## RECORDED DATA
"""
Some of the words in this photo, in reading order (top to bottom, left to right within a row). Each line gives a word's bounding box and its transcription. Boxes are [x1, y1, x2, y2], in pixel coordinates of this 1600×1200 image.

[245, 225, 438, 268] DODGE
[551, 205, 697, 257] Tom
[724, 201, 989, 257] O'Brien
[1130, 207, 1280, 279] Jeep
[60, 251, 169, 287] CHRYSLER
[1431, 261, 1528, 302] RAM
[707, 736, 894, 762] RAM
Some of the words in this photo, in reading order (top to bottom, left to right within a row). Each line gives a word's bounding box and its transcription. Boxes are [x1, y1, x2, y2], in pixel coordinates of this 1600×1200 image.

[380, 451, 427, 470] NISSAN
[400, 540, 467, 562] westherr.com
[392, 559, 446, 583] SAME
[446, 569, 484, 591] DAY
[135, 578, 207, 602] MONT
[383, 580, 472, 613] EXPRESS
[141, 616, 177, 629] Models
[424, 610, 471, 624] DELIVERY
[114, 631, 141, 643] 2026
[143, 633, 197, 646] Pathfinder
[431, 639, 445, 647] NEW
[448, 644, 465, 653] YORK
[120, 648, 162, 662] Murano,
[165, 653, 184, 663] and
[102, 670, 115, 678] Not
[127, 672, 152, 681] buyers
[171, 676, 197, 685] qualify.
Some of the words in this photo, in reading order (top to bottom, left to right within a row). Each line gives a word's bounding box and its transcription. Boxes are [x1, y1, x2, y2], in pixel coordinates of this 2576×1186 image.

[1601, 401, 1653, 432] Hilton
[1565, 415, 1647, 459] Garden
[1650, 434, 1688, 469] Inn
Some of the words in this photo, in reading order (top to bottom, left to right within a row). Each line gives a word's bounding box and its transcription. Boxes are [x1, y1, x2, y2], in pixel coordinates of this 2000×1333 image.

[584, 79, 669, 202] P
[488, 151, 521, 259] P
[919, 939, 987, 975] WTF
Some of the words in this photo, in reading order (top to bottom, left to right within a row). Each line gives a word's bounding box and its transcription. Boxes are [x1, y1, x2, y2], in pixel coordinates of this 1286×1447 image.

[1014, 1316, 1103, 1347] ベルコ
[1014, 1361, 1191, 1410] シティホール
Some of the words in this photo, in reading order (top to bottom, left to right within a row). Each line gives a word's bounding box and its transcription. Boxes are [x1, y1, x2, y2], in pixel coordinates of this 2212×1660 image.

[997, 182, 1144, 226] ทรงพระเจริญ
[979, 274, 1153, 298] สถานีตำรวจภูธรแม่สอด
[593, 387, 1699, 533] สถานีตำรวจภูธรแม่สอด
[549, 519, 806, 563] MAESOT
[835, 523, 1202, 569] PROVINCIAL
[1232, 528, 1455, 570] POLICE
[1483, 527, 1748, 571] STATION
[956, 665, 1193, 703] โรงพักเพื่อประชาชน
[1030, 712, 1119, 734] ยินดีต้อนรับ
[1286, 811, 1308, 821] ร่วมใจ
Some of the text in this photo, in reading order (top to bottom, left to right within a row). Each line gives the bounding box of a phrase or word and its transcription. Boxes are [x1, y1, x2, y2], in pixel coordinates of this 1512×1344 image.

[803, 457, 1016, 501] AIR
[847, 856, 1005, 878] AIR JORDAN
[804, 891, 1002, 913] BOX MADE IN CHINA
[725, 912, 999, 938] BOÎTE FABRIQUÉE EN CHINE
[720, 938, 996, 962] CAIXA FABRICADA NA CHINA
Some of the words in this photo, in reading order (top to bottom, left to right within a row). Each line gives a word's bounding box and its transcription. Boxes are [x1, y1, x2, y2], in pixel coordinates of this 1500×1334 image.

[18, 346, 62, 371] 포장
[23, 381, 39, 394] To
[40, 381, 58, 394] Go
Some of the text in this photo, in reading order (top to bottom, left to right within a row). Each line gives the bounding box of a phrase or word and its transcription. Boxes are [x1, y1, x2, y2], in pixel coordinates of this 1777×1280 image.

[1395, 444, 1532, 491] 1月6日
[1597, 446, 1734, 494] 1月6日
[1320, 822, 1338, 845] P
"""
## AIM OF THE TASK
Transcribe the material above word for word.

## OUTPUT OF THE TASK
Some of the words in this photo, in reading order (top to bottom, left to right within a row). Each line gives a word's bounding box and its transcription. Boxes are [x1, y1, x2, y2], in pixel coordinates of this 1600×1200 image.

[245, 225, 438, 268] DODGE
[551, 205, 697, 257] Tom
[724, 201, 989, 257] O'Brien
[1130, 207, 1280, 279] Jeep
[60, 251, 169, 287] CHRYSLER
[1431, 261, 1528, 302] RAM
[707, 736, 894, 762] RAM
Some of the words in this photo, in reading order (top to bottom, left to right within a row). Each line gives a word's bounding box and its transcription. Boxes are [x1, y1, x2, y2], in pixel coordinates of this 1600×1200 image.

[380, 451, 427, 470] NISSAN
[400, 540, 467, 562] westherr.com
[392, 559, 446, 583] SAME
[446, 569, 484, 591] DAY
[135, 578, 207, 602] MONT
[383, 580, 472, 613] EXPRESS
[141, 616, 177, 629] Models
[424, 610, 471, 624] DELIVERY
[114, 631, 141, 643] 2026
[143, 633, 197, 646] Pathfinder
[431, 639, 445, 647] NEW
[448, 644, 465, 653] YORK
[120, 648, 162, 662] Murano,
[165, 653, 184, 663] and
[102, 670, 115, 678] Not
[127, 672, 152, 681] buyers
[171, 676, 197, 685] qualify.
Some of the words in this photo, in reading order (top to bottom, left to right within a row). Each line gives a word's bounding box and its transcription. Boxes are [x1, y1, x2, y2], in pixel coordinates of this 2576×1186 image.

[1601, 401, 1653, 432] Hilton
[1565, 415, 1647, 459] Garden
[1650, 434, 1688, 469] Inn
Some of the words in this photo, in reading order (top to bottom, left to right within a row). Each line gives a word's bounding box and its transcription. Boxes are [x1, y1, x2, y2], in pixel coordinates of this 2000×1333 image.

[584, 79, 669, 202] P
[488, 151, 521, 259] P
[919, 939, 987, 975] WTF
Some of the words in this photo, in reading order (top to bottom, left to right within a row). Each line gives a word's bounding box and its transcription. Boxes are [x1, y1, x2, y2], in pixel coordinates of this 1286×1447 image.

[1014, 1316, 1103, 1347] ベルコ
[1014, 1361, 1191, 1410] シティホール
Some of the words in this photo, in reading order (top to bottom, left to right within a row). Each line gives a word's bounding box and its transcription. Boxes are [x1, y1, x2, y2], in pixel coordinates of this 2212×1660 image.

[997, 182, 1144, 226] ทรงพระเจริญ
[979, 274, 1153, 298] สถานีตำรวจภูธรแม่สอด
[593, 387, 1699, 533] สถานีตำรวจภูธรแม่สอด
[549, 519, 806, 563] MAESOT
[835, 523, 1202, 569] PROVINCIAL
[1232, 528, 1455, 570] POLICE
[1483, 527, 1748, 571] STATION
[956, 665, 1193, 703] โรงพักเพื่อประชาชน
[1030, 712, 1119, 734] ยินดีต้อนรับ
[1286, 811, 1308, 821] ร่วมใจ
Some of the text in this photo, in reading order (top to bottom, left to right within a row). Each line gives the bounding box of a phrase or word and its transcription. Boxes are [x1, y1, x2, y2], in pixel coordinates of this 1512×1344 image.

[803, 457, 1016, 501] AIR
[847, 856, 1005, 878] AIR JORDAN
[804, 891, 1002, 913] BOX MADE IN CHINA
[725, 912, 999, 938] BOÎTE FABRIQUÉE EN CHINE
[720, 938, 996, 962] CAIXA FABRICADA NA CHINA
Some of the words in this photo, in reading order (top to bottom, left to right within a row). Each line gives a word's bounding box and its transcription. Boxes are [x1, y1, x2, y2], in pixel coordinates of this 1500×1334 image.

[18, 346, 62, 371] 포장
[23, 381, 39, 394] To
[40, 381, 58, 394] Go
Some of the text in this photo, in reading order (top to bottom, left to right within a row). Each line gives the bounding box of a phrase or word and its transcription. Boxes are [x1, y1, x2, y2], in pixel coordinates of this 1777×1280 image.

[1395, 444, 1532, 491] 1月6日
[1597, 446, 1734, 494] 1月6日
[1320, 822, 1338, 845] P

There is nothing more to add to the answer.